What does "scatters replicas in addition to ranges" mean?
Sorry, I guess I can't type late at night. I meant "scatters replicas in addition to leases".
Yes, we would be seeing spurious QueryTxn requests to r1 in the current code because the txn wait queue isn't checking whether there's a key available for the pusher before querying it for dependencies. The lack of a key addresses the QueryTxn request to r1. This is a one line fix as part of my current PR, but I'll break it out and send it for review.

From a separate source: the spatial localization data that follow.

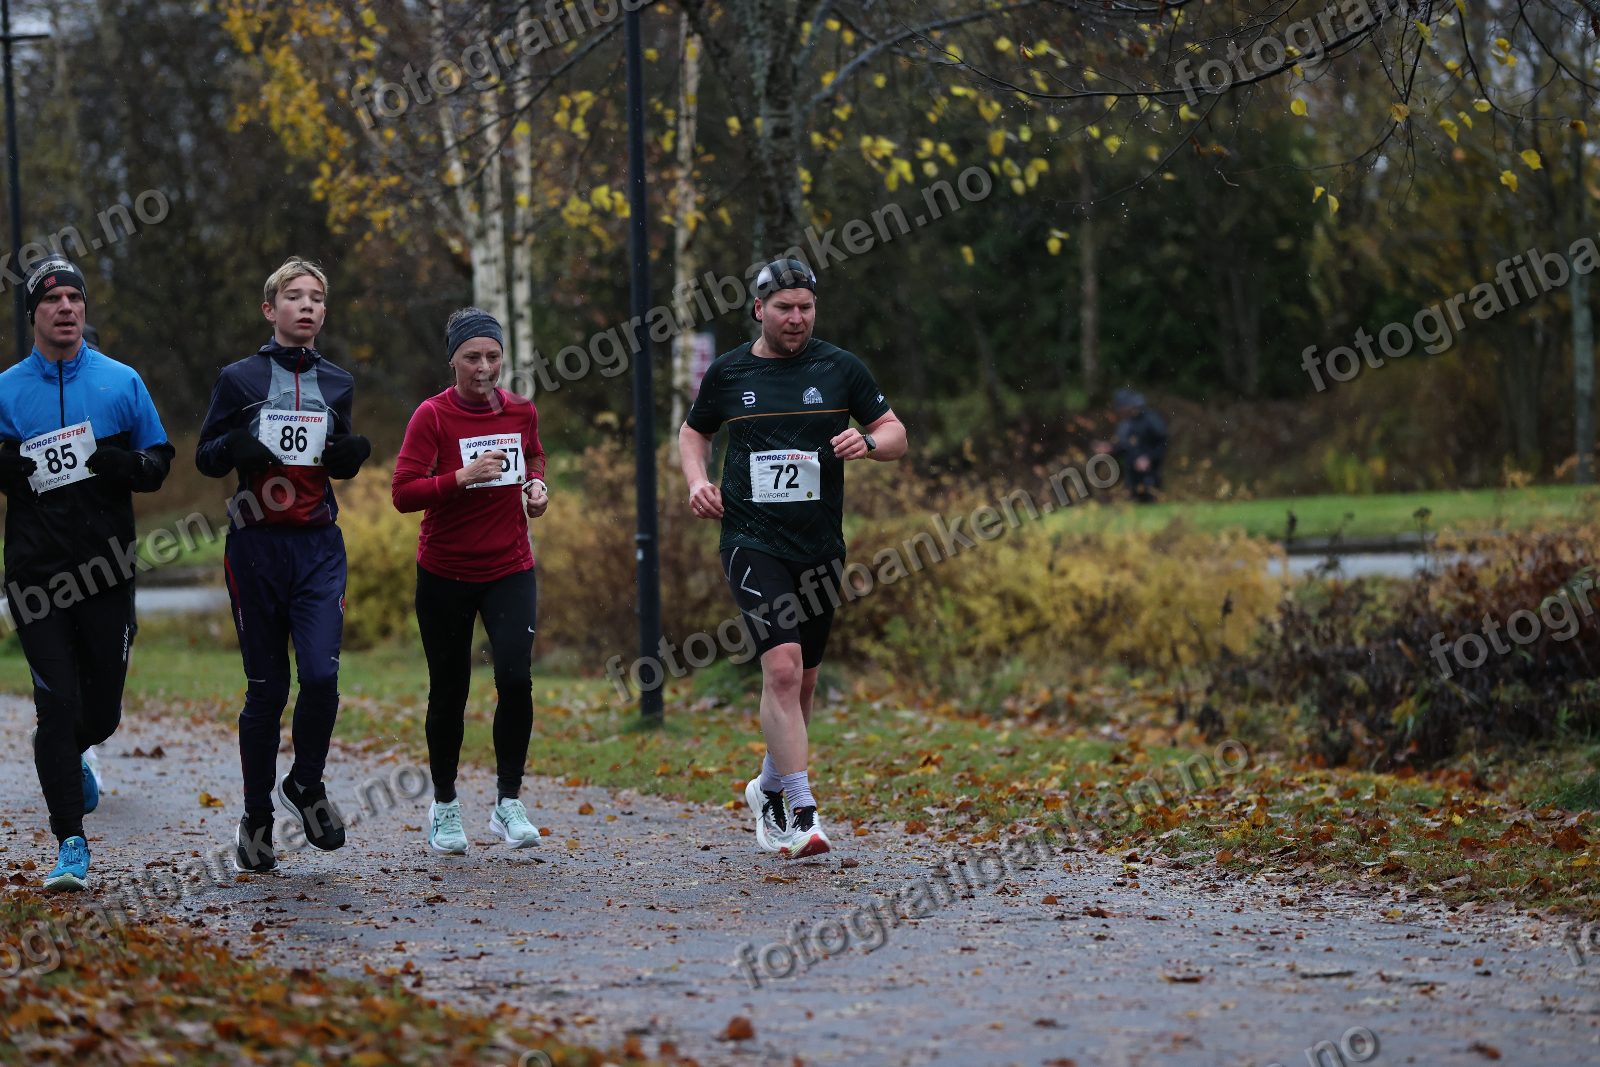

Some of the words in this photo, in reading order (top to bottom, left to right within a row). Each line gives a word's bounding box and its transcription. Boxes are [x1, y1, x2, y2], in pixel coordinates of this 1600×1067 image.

[266, 414, 323, 423] NORGESTESTEN
[25, 426, 87, 452] NORGESTESTEN
[280, 425, 308, 452] 86
[466, 438, 517, 448] NORGESTESTEN
[45, 443, 78, 474] 85
[770, 463, 800, 490] 72
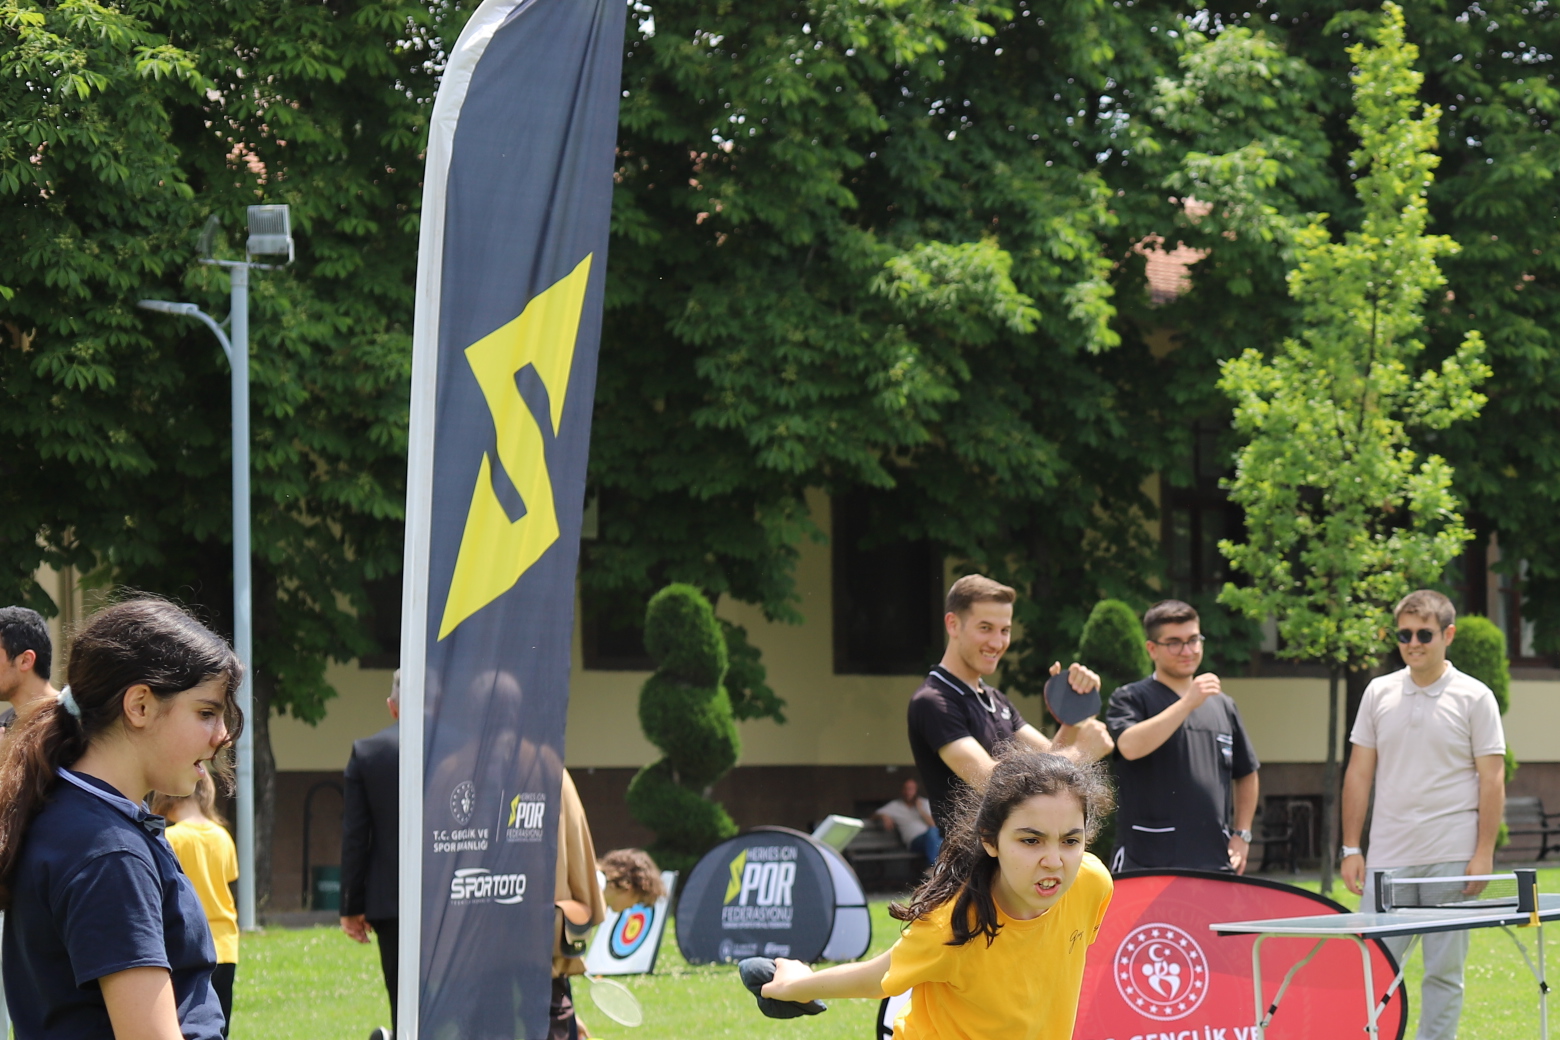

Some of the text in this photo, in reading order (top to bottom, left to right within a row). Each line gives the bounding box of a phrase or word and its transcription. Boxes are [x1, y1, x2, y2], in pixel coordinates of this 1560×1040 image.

Before scattering replicas, running tpc-c 5k on 15 nodes:
_elapsed_______tpmC____efc__avg(ms)__p50(ms)__p90(ms)__p95(ms)__p99(ms)_pMax(ms)
300.3s 29544.7 45.9% 26271.4 12348.0 85899.3 103079.2 103079.2 103079.2
After scattering replicas (and leases), running tpc-c 5k on 15 nodes:
_elapsed_______tpmC____efc__avg(ms)__p50(ms)__p90(ms)__p95(ms)__p99(ms)_pMax(ms)
300.4s 61047.7 94.9% 1106.1 117.4 369.1 9663.7 19327.4 28991.0
So if our goal is to have a usable workaround, scattering replicas basically gets us there. And if we want to remove the manual aspect of it, it looks like it'll be more impactful to work on stats-based replica rebalancing than lease rebalancing.
@a-robinson Nice improvement. The p99 and pMax latency looks higher than what I remember for tpcc-5k. Would be interesting to see how this compares to tpcc-5k with partitioning.
Running with --ramp=30s to ramp up the traffic more smoothly seems to help a lot with the tail latencies:
_elapsed_______tpmC____efc__avg(ms)__p50(ms)__p90(ms)__p95(ms)__p99(ms)_pMax(ms)
300.4s 60544.4 94.2% 143.7 134.2 218.1 260.0 453.0 4831.8
Of course, the sample sizes here aren't exactly large, so maybe the difference is just noise.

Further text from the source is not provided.